Ask HN: How much work do you get done in a day? - jdbo88

I was just wondering how much do people 'do' in a regular working day.<p>If you're a web designer then how far would you get with a concept mockup?<p>If you're coding a custom cms in php then how many features would you get through?<p>The reason I ask is that I'm always trying to push myself to do more but, not having worked with similar people in my field, I find it difficult to know whether I'm trying to achieve too much or not doing enough.<p>I know it's a bit of a 'how long is a piece of string' question but would appreciate any insight you can give.
======
bricestacey
This might not be the answer you're looking for, but.... I am the sole
technical person and am pretty much responsible for all technology for my
library. I actually don't get much of anything done on any given day. But most
importantly, I maintain people's confidence in our systems and assuage their
fears so that everything continues as normal. I am lying to them half the time
(our downtime is almost always unexpected issues in "the cloud" and all we can
do is wait. When implementing new systems, if I feel they're good, I assume
it'll work out and promise success with a hiccup here or there), but it's
necessary and important part of keeping us going. Simultaneously, I have
developed several apps on the side.

I guess the point I am trying to make is that productivity is relative. It's
what matters to you and your company. If features are important to your
company, then you should be knocking them out. If you're a university with
15,000 students and thousands of full-time employees, not doing much and
making sure people still trust you is more important.

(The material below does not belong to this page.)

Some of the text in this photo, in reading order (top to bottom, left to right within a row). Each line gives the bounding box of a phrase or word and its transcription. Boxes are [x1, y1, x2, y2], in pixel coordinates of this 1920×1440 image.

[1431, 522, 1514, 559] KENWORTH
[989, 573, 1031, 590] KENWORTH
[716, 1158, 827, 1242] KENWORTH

With that said, I have recently been worried about my skills and have been
working hard to be sure I'm keeping fresh. I used to get hung up on design,
but lately I realize I can code up a horrendous site but 100% functional site,
and make it look pretty later - saving myself hours and hours of work. Also,
I'm working on writing tests so that I do not spend much time tracking down
regressive bugs. It's amazing how useful a comprehensive test suite is to
determine your next task, ensuring that you regularly press forward.

------
veyron
The question suggests that there's a linear answer, but honestly its like most
other creative activities: work gets done in fits and spurts.

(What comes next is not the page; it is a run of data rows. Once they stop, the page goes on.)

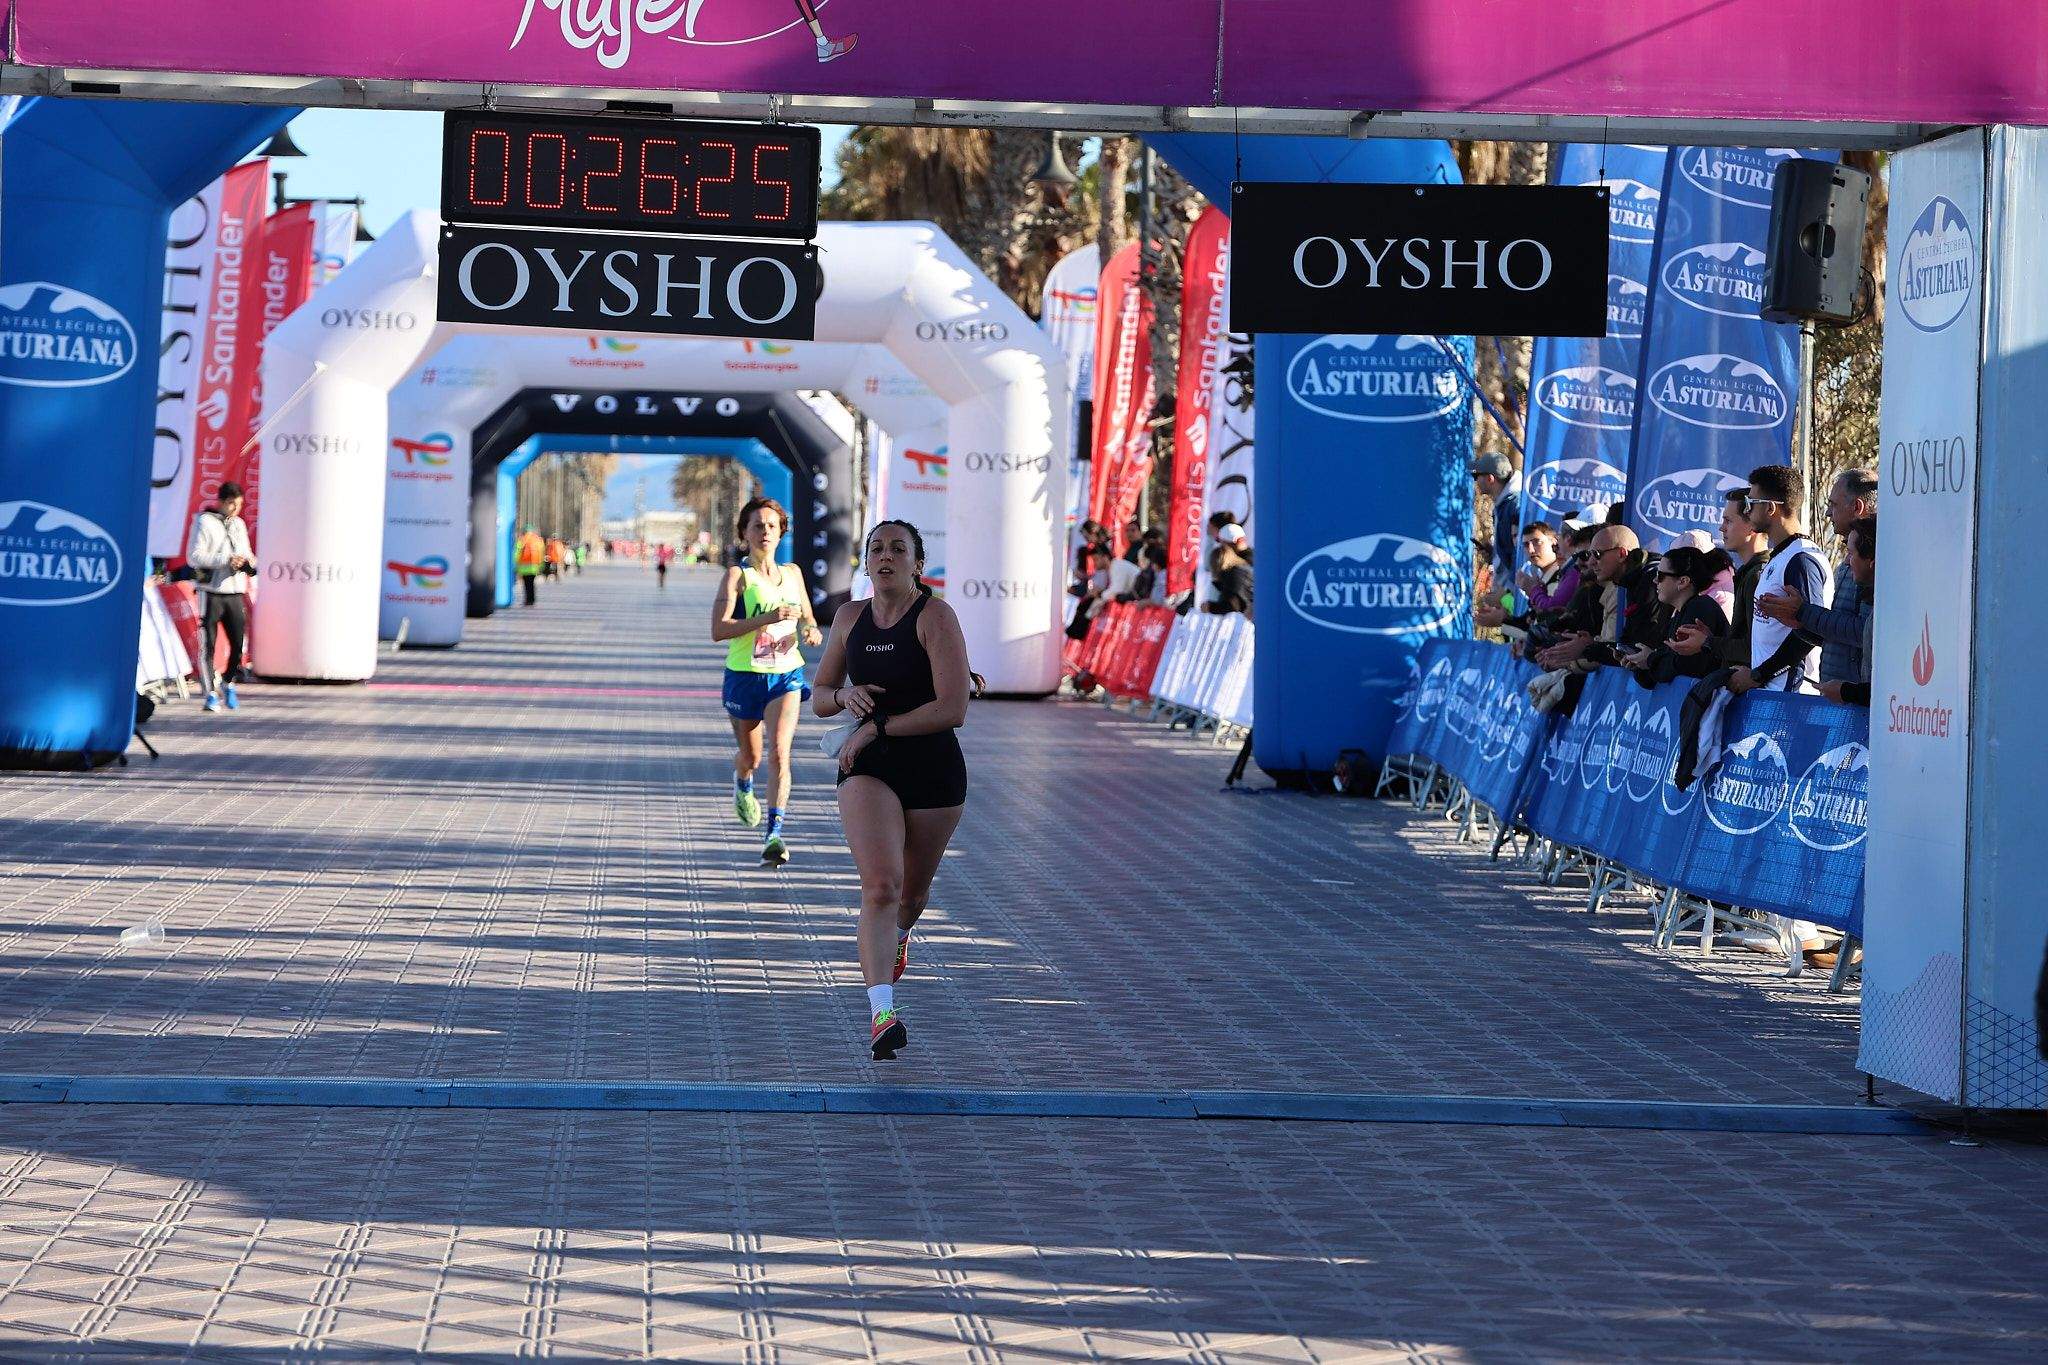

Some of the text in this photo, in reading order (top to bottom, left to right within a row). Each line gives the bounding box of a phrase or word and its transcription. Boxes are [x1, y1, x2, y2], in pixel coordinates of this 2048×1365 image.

[470, 130, 790, 219] 00:26:25
[458, 242, 798, 324] OYSHO
[1293, 236, 1552, 291] OYSHO
[1671, 261, 1767, 303] ASTURIA
[1903, 252, 1970, 302] ASTURIANA
[204, 212, 244, 385] Santander
[321, 308, 416, 331] OYSHO
[915, 320, 1008, 341] OYSHO
[1328, 354, 1395, 367] CENTRAL
[1682, 374, 1727, 388] CENTRAL
[551, 393, 740, 417] VOLVO
[1181, 238, 1230, 562] Sports Santander
[1658, 374, 1779, 419] ASTURIANA
[965, 451, 1052, 474] OYSHO
[1890, 436, 1966, 497] OYSHO
[1669, 490, 1714, 501] CENTRAL
[865, 643, 894, 652] OYSHO
[1889, 695, 1952, 738] Santander

Some days I will do nothing, some days I will tweak a small piece of a small
component, and some days I will completely rebuild parts of the platform.

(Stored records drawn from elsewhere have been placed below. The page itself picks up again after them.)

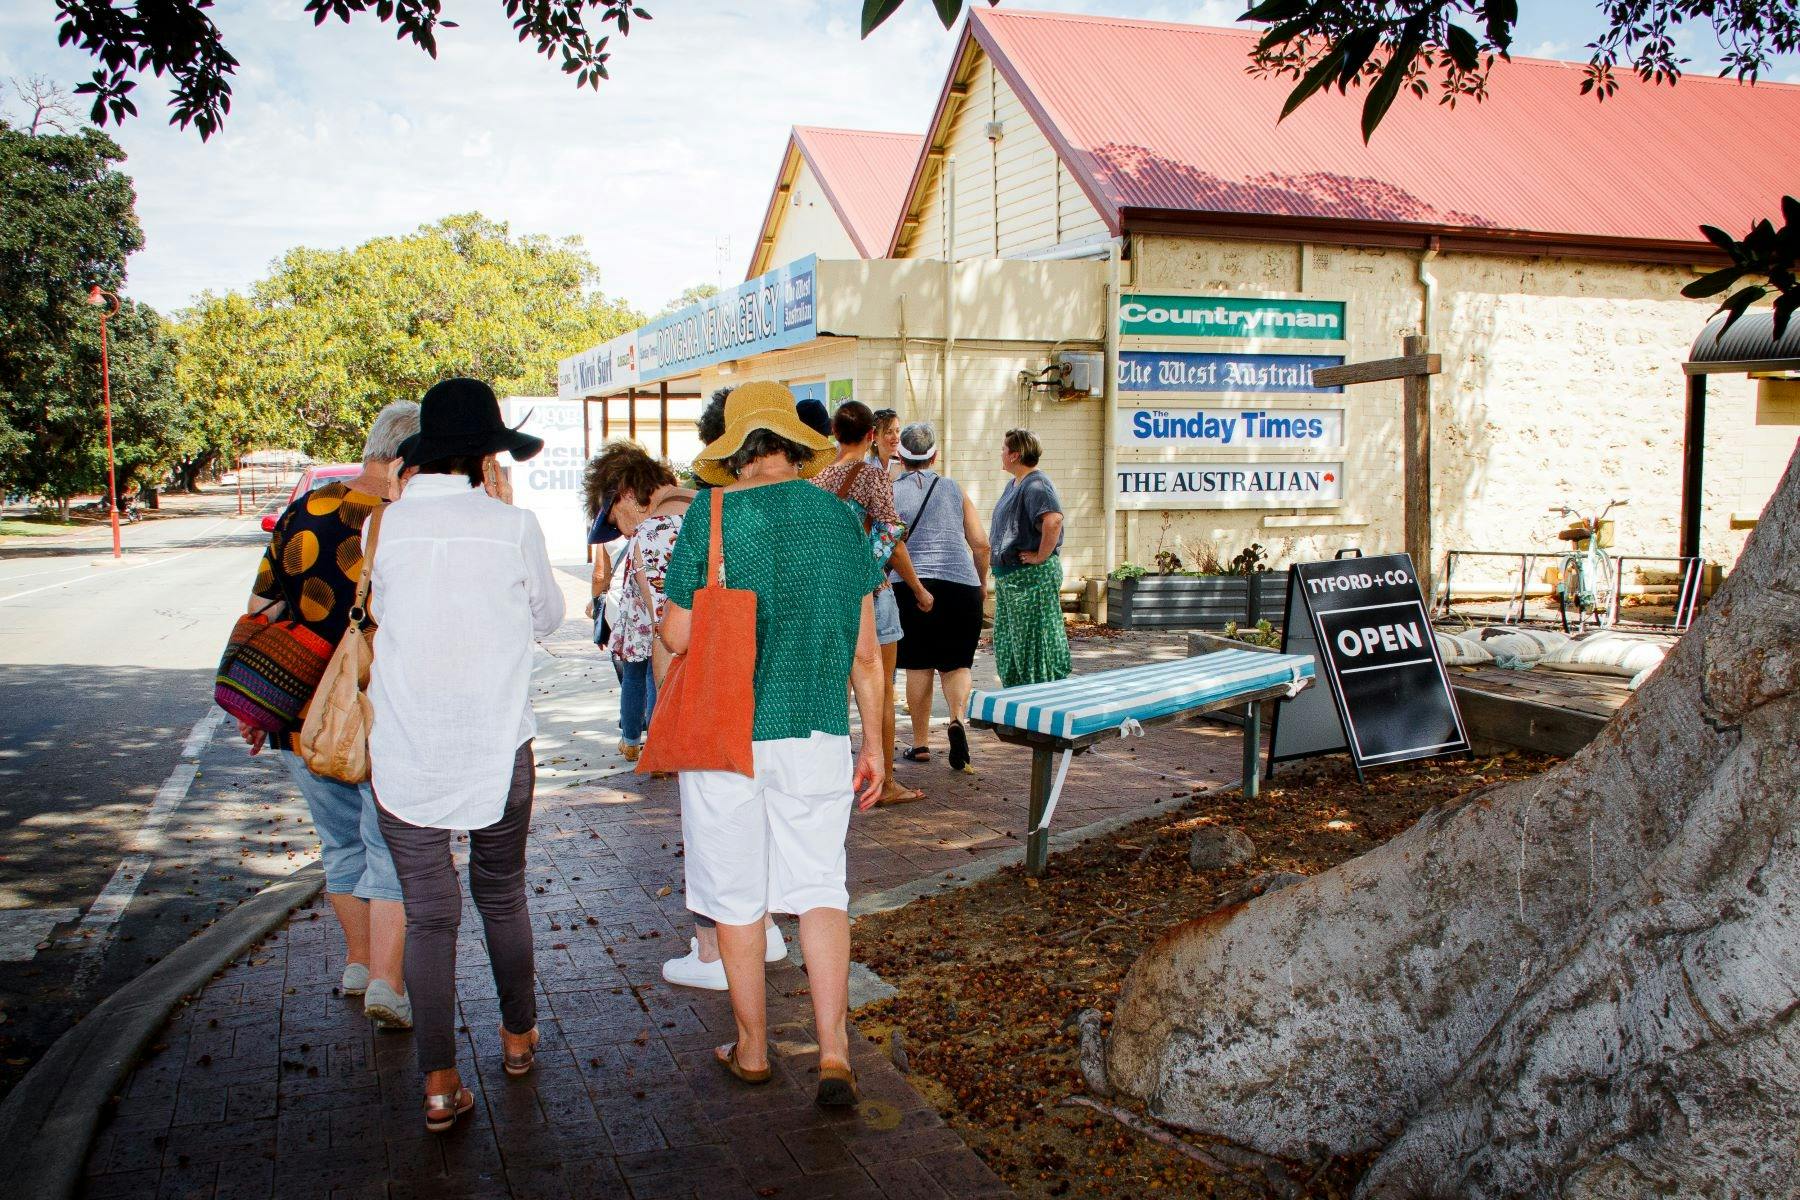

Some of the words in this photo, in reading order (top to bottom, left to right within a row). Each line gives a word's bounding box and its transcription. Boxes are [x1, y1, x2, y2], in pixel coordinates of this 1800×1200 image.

[658, 314, 701, 368] DONGARA
[701, 282, 780, 356] NEWSAGENCY
[1119, 303, 1338, 329] Countryman
[1117, 360, 1152, 384] The
[1158, 360, 1218, 385] West
[1223, 361, 1314, 386] Australi
[1132, 411, 1237, 444] Sunday
[1241, 411, 1324, 439] Times
[529, 447, 585, 467] ISH
[1117, 472, 1167, 493] THE
[1172, 471, 1321, 493] AUSTRALIAN
[1337, 621, 1423, 657] OPEN

If you push yourself to do more, you are trying too hard. You can't force the
creative process.

------
whichdan
[http://ask.slashdot.org/story/10/04/14/1925218/How-Many-
Hour...](http://ask.slashdot.org/story/10/04/14/1925218/How-Many-Hours-a-Week-
Can-You-Program)

Lots of insightful comments in this thread.

------
cstrouse
I can usually implement 1-2 features in code per day (more when programming in
Ruby). In most cases I can only get like 25% of a site mocked up in a day (I'm
really slow when it comes to design).